Descaminhos: novembro 2006

sexta-feira, novembro 24, 2006

Da delicadeza

Talvez a brutalidade do século XX seja o fator responsável pela suprema delicadeza de nosso tempo. Tal brutalidade é hoje incompreensível. A palavra evoca uma vaga e rarefeita idéia que, embora não mais comunique efetivamente uma experiência, ainda cumpre bem o seu papel nos discursos de lamúria e de escândalo. Se antes de sua exaustiva repetição tal idéia foi de fato compreensível um dia, ou se pelo menos sua palavra se prestava a indicar a positividade de uma ocorrência nefasta, esse decerto não é mais o caso para as gerações contemporâneas, que não mais são capazes de extrair dela qualquer sentido, pois o mundo se tornou delicadíssimo, a despeito ou por causa de sua história recente e tão supostamente brutal.
Delicadeza que se expressa na afetada reivindicação por respeito e na virtualmente ilimitada capacidade de compreensão de uma suposta alteridade. O mundo se tornou de fato tão delicado que desapareceram como num piscar de olhos os diversos códigos de delicadeza que as gerações mais antigas cultivaram a um preço e esforço que mal conseguiríamos conceber. Hoje é delicado ser informal. Se tudo mergulhou na aura da informalidade — da linguagem aos sentimentos, passando pelos gestos e gostos, vestuário e compromissos — não é exatamente por termos nos embrutecido, mas por termos nos tornado delicados de fato, num sentido que causaria náuseas a homens que iam de cartola ao teatro e mulheres que usavam espartilho. Pois então a delicadeza era um modo possível de comportamento, e não uma propriedade das pessoas. O sentido de códigos de delicadeza era a explicitação não de uma natureza simples e obviamente delicada, mas da cultivada capacidade de agir delicadamente. Somente nesse sentido a delicadeza poderia aparecer como algo gracioso, pois tornada essencial dificilmente se pode diferenciá-la da mera frouxidão.
Não precisamos mais agir delicadamente porque nos tornamos delicados de fato. É como se os lábios não mais precisassem sorrir graciosamente porque todo o resto já sorri estupidificado. Com mais um pouquinho de dedicação a humanidade realizará em breve o supremo ato de delicadeza, e dará uma generosa gorjeta aos seus carrascos.

sábado, novembro 11, 2006

Das políticas sociais

Pesquisas de ponta indicam que pacientes terminais precisam de cortinas azul-turquesa, e a cama em que estão morrendo deve ser posicionada com a esquerda da cabeceira virada para a janela, desde que os pés da cama não fiquem voltados para a porta do quarto, obviamente (caso tal configuração não seja possível, o quarto precisa ser substituído incontinenti).

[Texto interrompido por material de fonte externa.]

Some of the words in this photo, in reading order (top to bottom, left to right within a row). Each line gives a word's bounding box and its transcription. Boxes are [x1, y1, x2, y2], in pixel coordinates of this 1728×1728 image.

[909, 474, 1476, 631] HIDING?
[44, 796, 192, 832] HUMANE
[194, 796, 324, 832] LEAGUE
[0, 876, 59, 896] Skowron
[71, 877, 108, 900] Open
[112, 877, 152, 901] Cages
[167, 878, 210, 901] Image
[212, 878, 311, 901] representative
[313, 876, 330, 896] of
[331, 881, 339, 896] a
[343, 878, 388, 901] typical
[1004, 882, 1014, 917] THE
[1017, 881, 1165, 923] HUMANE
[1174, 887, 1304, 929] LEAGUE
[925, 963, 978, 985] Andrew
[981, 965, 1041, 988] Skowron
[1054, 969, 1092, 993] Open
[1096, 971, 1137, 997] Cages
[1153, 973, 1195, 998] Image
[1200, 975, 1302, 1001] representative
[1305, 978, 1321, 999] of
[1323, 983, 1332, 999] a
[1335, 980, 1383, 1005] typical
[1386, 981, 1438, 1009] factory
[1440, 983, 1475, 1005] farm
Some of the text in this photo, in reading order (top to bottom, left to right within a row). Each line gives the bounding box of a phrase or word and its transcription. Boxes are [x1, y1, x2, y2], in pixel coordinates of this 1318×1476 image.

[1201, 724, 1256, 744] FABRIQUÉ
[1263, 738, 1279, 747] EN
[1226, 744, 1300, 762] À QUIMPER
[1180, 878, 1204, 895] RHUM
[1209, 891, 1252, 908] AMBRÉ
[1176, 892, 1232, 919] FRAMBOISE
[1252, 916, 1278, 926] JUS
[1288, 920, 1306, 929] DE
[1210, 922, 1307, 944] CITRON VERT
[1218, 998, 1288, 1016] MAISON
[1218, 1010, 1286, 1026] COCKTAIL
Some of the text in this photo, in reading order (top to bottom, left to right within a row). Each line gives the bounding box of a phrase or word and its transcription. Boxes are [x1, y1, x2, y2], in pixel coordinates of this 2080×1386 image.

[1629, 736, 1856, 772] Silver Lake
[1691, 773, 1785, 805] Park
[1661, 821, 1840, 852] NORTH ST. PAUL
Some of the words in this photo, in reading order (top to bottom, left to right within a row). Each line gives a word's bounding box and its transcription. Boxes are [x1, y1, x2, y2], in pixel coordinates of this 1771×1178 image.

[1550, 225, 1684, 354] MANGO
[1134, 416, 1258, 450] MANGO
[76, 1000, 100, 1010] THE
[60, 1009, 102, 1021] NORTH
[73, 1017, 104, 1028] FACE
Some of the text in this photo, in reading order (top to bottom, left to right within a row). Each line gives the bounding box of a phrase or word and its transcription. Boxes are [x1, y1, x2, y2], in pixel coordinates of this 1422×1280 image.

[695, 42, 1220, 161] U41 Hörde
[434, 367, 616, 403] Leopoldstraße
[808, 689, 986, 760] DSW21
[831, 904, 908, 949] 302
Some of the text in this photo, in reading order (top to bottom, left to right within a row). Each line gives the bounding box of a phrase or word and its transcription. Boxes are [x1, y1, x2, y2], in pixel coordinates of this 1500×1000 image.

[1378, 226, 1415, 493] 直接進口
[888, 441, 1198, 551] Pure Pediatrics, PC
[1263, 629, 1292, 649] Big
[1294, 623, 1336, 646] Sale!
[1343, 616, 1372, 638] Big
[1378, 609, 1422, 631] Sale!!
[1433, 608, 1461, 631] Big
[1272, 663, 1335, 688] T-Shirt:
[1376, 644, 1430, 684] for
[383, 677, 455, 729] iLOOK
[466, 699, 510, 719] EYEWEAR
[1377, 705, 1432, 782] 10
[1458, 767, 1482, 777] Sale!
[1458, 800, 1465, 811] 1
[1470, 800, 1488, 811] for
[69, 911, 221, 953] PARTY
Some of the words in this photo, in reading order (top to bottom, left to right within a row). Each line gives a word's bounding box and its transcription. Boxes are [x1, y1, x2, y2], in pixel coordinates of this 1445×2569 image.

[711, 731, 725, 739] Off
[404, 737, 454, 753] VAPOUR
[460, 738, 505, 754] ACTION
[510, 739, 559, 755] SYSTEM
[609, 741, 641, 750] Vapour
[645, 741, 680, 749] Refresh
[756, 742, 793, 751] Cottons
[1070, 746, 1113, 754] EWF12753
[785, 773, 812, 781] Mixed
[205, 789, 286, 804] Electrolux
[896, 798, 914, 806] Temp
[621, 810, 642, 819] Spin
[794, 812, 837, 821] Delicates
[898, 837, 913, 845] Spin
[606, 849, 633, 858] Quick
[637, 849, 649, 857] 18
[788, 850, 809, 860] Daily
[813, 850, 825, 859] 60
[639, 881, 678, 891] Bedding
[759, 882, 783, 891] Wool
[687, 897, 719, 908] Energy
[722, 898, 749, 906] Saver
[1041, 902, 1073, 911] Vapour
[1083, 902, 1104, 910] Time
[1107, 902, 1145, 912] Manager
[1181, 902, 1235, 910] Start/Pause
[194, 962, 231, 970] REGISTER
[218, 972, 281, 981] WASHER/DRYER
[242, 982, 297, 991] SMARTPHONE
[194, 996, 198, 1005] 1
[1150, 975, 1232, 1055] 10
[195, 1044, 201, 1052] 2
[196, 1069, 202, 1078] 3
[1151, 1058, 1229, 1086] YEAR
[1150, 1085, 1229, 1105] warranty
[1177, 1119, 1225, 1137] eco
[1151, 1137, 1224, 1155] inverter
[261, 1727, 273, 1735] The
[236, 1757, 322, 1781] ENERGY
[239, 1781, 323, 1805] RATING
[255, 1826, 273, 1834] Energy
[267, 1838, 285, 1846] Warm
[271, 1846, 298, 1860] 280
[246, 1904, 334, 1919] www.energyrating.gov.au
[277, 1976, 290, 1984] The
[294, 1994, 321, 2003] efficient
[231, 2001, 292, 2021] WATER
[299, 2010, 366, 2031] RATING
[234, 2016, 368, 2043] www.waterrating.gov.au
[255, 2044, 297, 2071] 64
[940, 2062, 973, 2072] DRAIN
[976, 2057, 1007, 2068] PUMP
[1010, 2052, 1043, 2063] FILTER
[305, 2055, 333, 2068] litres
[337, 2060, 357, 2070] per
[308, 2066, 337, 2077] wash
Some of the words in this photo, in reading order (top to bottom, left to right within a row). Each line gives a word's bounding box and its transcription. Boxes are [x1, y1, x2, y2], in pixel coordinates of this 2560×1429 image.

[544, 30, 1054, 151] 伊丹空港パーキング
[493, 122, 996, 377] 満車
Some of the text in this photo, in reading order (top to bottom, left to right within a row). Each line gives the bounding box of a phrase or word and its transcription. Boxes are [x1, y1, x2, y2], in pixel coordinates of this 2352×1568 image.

Lençóis de algodão com listras amarelas são também de extrema importância, principalmente nos casos de metástase, e a roupa de cama deve ser trocada duas vezes ao dia (ou mais, conforme a necessidade, se o corpo estiver expelindo líquidos fedorentos). Caso partes do corpo já apresentem quadro de putrefação, recomendam-se arranjos de rosas e copos-de-leite à direita do paciente. Quando o fígado parar de funcionar, o cabeleireiro deve ser chamado imediatamente e, após um novo penteado, todas as energias hão de se concentrar na realização de uma cirurgia plástica no nariz (ou nas rugas peri-oculares, em caso de lepra, se o nariz já tiver caído). Após o falecimento, recomenda-se que o corpo seja banhado com camomila, que é um excelente calmante para a pele.